President of the Storting
- In office 21 March 1935 – 3 December 1945
- Prime Minister: Johan Nygaardsvold Einar Gerhardsen
- Vice President: Magnus Nilssen (1935–1940)
- Preceded by: Johan Nygaardsvold
- Succeeded by: Fredrik Monsen
- In office 30 June 1926 – 10 January 1934
- Prime Minister: Ivar Lykke Christopher Hornsrud Johan Ludwig Mowinckel Peder Kolstad Jens Hundseid
- Vice President: Christopher Hornsrud (1928–1934)
- Preceded by: Otto B. Halvorsen
- Succeeded by: Johan Nygaardsvold

Vice President of the Storting
- In office 11 January 1934 – 21 March 1935
- President: Johan Nygaardsvold
- Preceded by: Christopher Hornsrud
- Succeeded by: Magnus Nilssen

Member of the Norwegian Parliament
- In office 1 January 1922 – 31 December 1957
- Constituency: Oslo
- In office 1 January 1919 – 31 December 1921
- Constituency: Kristiania

Leader of the Conservative Party
- In office 1926–1934
- Preceded by: Ivar Lykke
- Succeeded by: Johan H. Andresen
- In office 1950–1954
- Preceded by: Arthur Nordlie
- Succeeded by: Alv Kjøs

President of the Odelsting
- In office 10 December 1945 – 10 January 1958
- Vice President: Olav Oksvik Peder Leier Jacobsen
- Preceded by: Gunnuf Eiesland
- Succeeded by: Alv Kjøs

Personal details
- Born: 5 January 1885 Bergen, Hordaland, United Kingdoms of Sweden and Norway
- Died: 15 December 1964 (aged 79) Oslo, Norway
- Party: Conservative
- Spouse(s): Gudrun Greig (1910–1943, her death) Gyda Christensen (1946–1964, her death)
- Children: 3
- Occupation: Journalist, author and politician

= C. J. Hambro =

Norwegian politician (1885–1964)

Carl Joachim Hambro (5 January 1885 – 15 December 1964) was a Norwegian journalist, author and leading politician representing the Conservative Party. A ten-term member of the Parliament of Norway, Hambro served as President of the Parliament for 20 of his 38 years in the legislature. He was actively engaged in international affairs, including work with the League of Nations (1939–1940), delegate to the UN General Assembly (1945–1956) and member of the Norwegian Nobel Committee (1940–1963).

==Personal life==
Carl Joachim Hambro's lineage can be traced back to Rendsburg in the 1720s. The family was Jewish. The family member Calmer Joachim Hambro (1747–1806) relocated to Copenhagen in the late 18th century, and became a businessman. One of his sons, Joseph Hambro, moved on to London and founded Hambros Bank with his son Carl Joachim Hambro. Another son (and Joseph's brother) Edvard Isaach Hambro (1782–1865) moved to Bergen, Norway where he became a merchant in the early 19th century. Edvard Isaach Hambro fathered Carl Joachim Hambro (1813–1873), who in turn fathered the school manager Edvard Isak Hambro (1847–1909).
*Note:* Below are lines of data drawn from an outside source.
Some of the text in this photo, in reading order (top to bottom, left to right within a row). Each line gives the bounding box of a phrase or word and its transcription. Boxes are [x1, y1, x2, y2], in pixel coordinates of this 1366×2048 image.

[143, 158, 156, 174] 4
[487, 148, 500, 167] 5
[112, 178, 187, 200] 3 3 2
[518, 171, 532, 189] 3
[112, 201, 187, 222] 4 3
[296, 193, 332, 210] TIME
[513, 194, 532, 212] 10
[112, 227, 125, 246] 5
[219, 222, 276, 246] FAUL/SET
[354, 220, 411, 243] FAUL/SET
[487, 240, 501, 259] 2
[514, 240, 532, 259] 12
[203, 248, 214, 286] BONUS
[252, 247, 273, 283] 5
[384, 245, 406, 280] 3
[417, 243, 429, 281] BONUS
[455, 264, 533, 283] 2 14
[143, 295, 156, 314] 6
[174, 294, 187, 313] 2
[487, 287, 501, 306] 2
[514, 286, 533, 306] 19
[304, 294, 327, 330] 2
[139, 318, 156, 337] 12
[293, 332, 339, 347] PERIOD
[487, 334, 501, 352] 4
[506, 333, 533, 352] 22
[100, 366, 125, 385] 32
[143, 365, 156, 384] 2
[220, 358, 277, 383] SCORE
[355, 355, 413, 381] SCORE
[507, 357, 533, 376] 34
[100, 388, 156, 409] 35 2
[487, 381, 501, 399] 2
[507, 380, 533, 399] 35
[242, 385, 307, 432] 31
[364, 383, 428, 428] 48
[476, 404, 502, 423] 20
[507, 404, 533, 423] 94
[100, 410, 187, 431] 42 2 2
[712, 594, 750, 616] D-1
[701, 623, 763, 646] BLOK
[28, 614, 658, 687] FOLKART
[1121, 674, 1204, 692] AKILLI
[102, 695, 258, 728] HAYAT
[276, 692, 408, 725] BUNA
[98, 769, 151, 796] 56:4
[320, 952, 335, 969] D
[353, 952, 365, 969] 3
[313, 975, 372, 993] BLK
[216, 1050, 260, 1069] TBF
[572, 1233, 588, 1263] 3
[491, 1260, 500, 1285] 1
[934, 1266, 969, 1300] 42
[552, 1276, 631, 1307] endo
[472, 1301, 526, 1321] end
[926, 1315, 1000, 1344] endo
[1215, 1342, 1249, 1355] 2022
Hambro was born in Bergen to Edvard Isak Hambro and Nicoline Christine Harbitz (1861–1926, later known as Nico Hambro). He had three sisters, among them the educator Elise Hambro. He was a distant descendant of Johan Randulf Bull, and thereby a first cousin of Edvard Bull, Sr., Johan Peter Bull and Francis Bull.
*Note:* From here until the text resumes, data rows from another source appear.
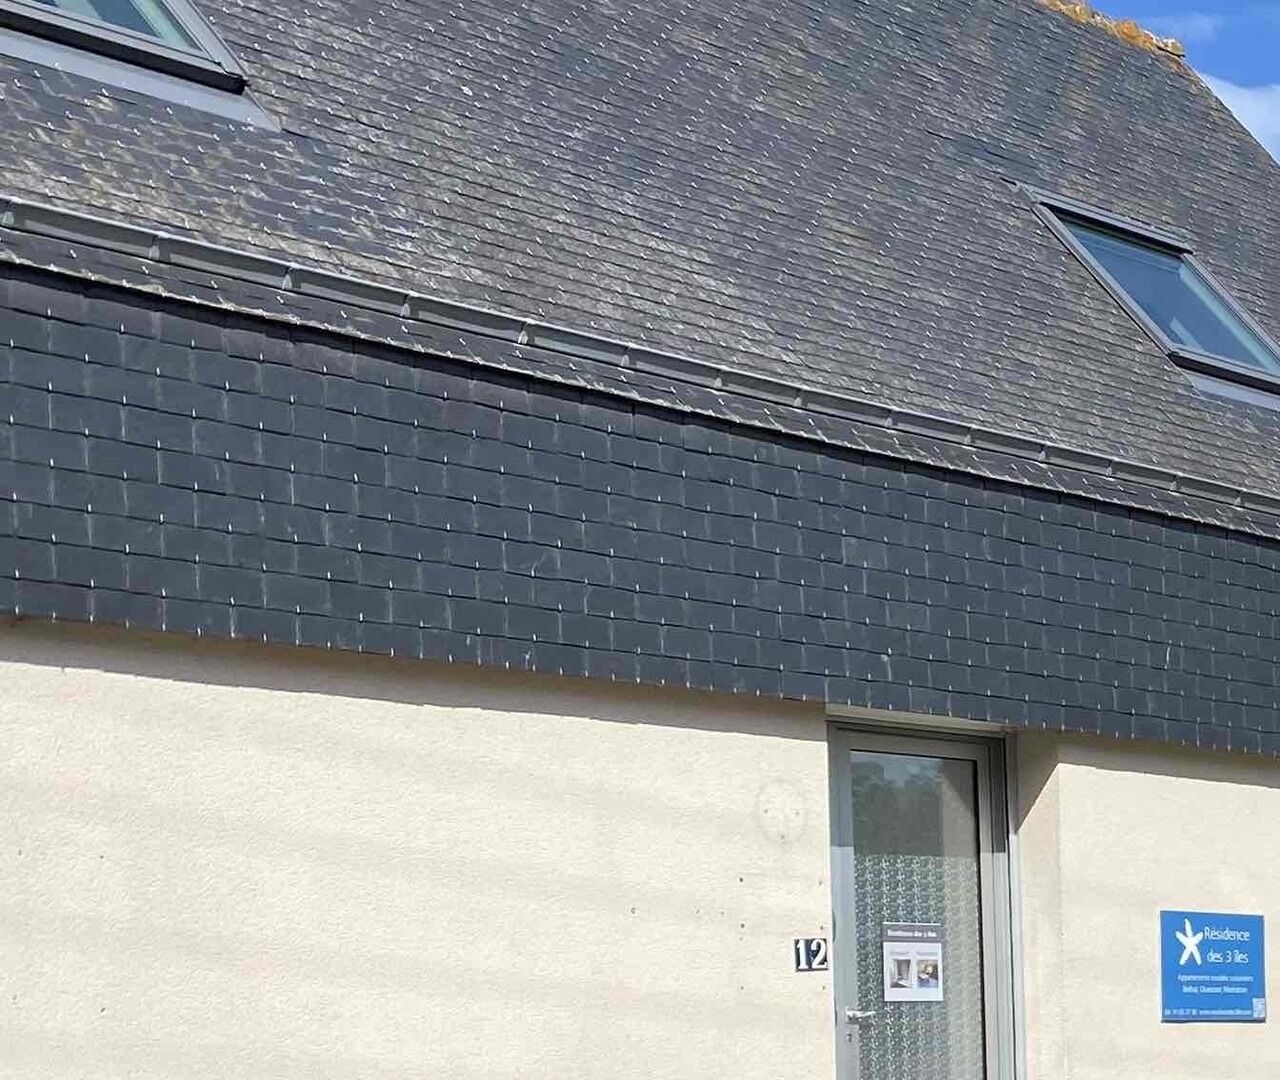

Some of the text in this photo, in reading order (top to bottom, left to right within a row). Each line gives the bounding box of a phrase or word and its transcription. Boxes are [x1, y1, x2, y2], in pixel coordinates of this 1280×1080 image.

[1204, 925, 1250, 941] Résidence
[796, 939, 828, 969] 12
[1207, 949, 1223, 963] des
[1226, 950, 1232, 963] 3
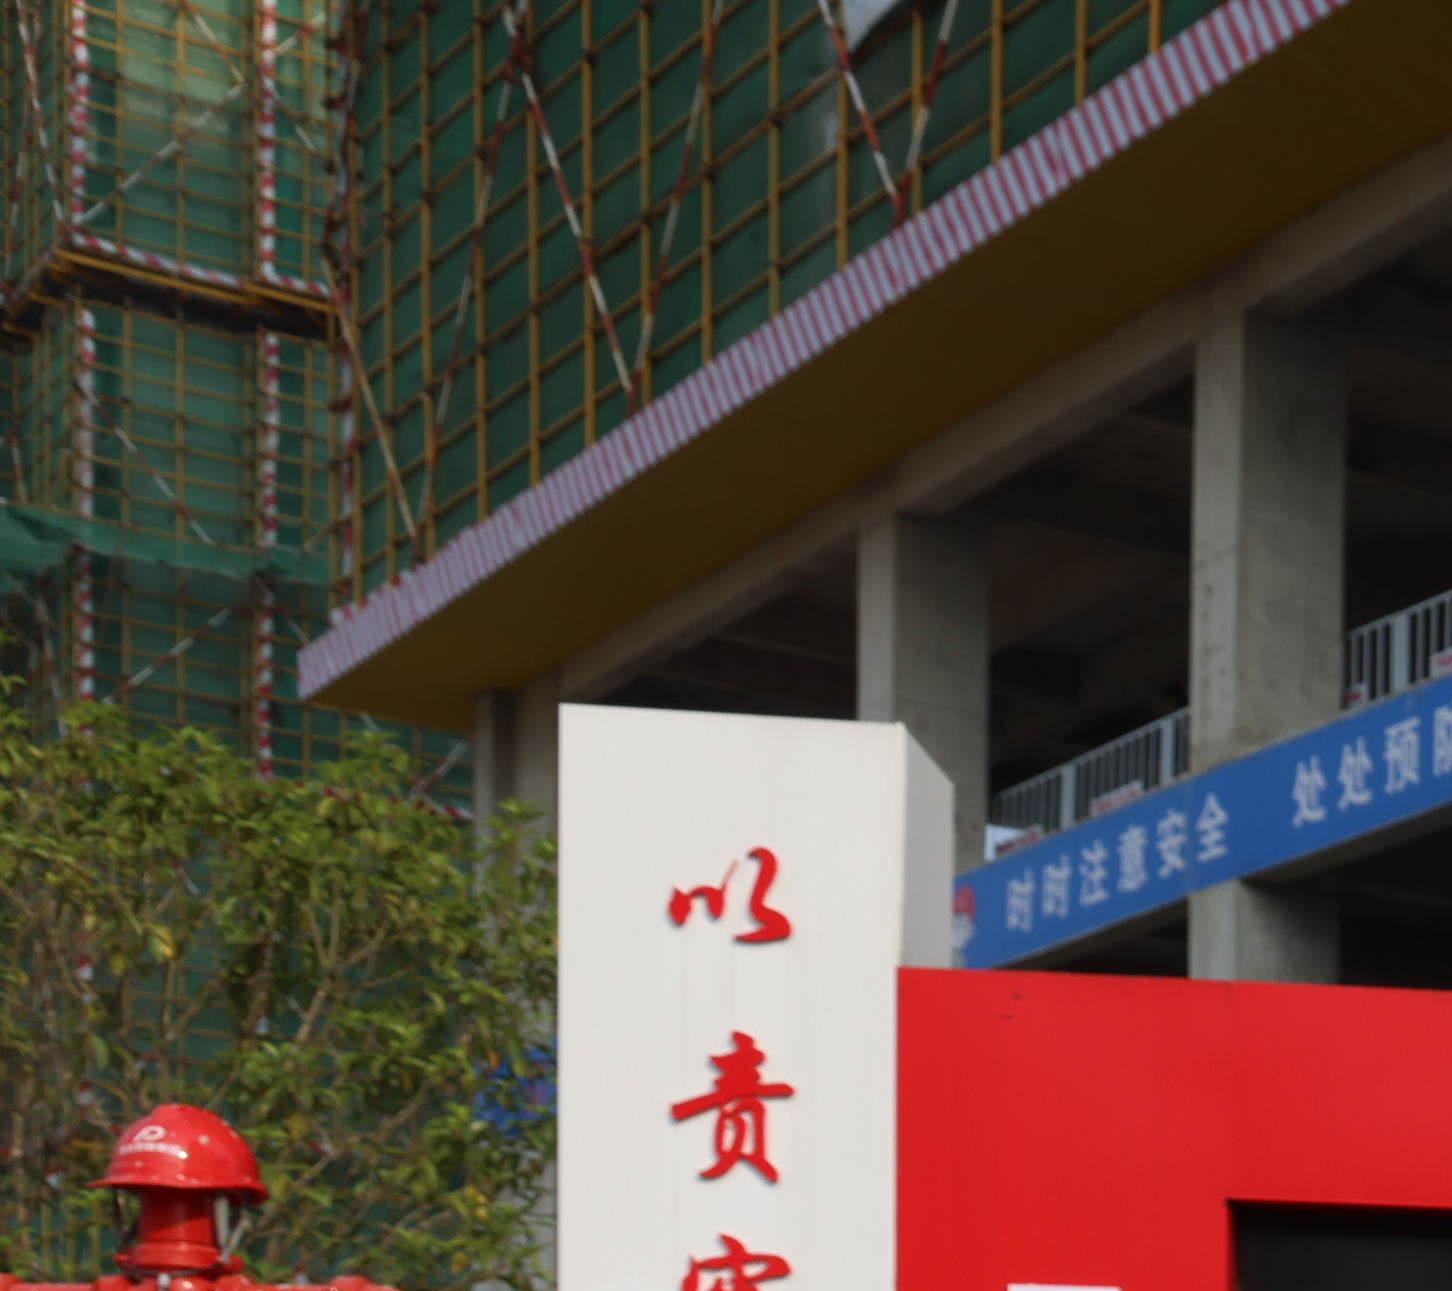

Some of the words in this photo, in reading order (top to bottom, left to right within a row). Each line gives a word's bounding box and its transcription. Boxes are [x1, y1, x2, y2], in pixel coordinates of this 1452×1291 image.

[1006, 792, 1230, 931] 时时注意安全
From June 1910, Hambro was married to Gudrun "Dudu" Grieg (1881–1943), daughter of a priest. They had sons Edvard Hambro, Vilhelm Cato Grieg Hambro, Carl Joachim Hambro and Johan Randulf Bull Hambro and one daughter; all born between 1911 and 1915. Through Edvard, he was also grandfather to Christian Hambro. Three years after his wife died, in February 1946, Hambro married actress Gyda Christensen (1872–1964) whom he had befriended in 1918.

==Early career==
Hambro attended the middle school and high school his father had founded in Bergen. He took the examen artium in 1902, and enrolled in philology studies at the Royal Frederick University. While studying, he took many excursions, working as translator, literary critic, part-time teacher and even participant on the research vessel Michael Sars. He was also a journalist in Morgenbladet, from 1903 to 1907. He finally received his cand.mag. degree in 1907.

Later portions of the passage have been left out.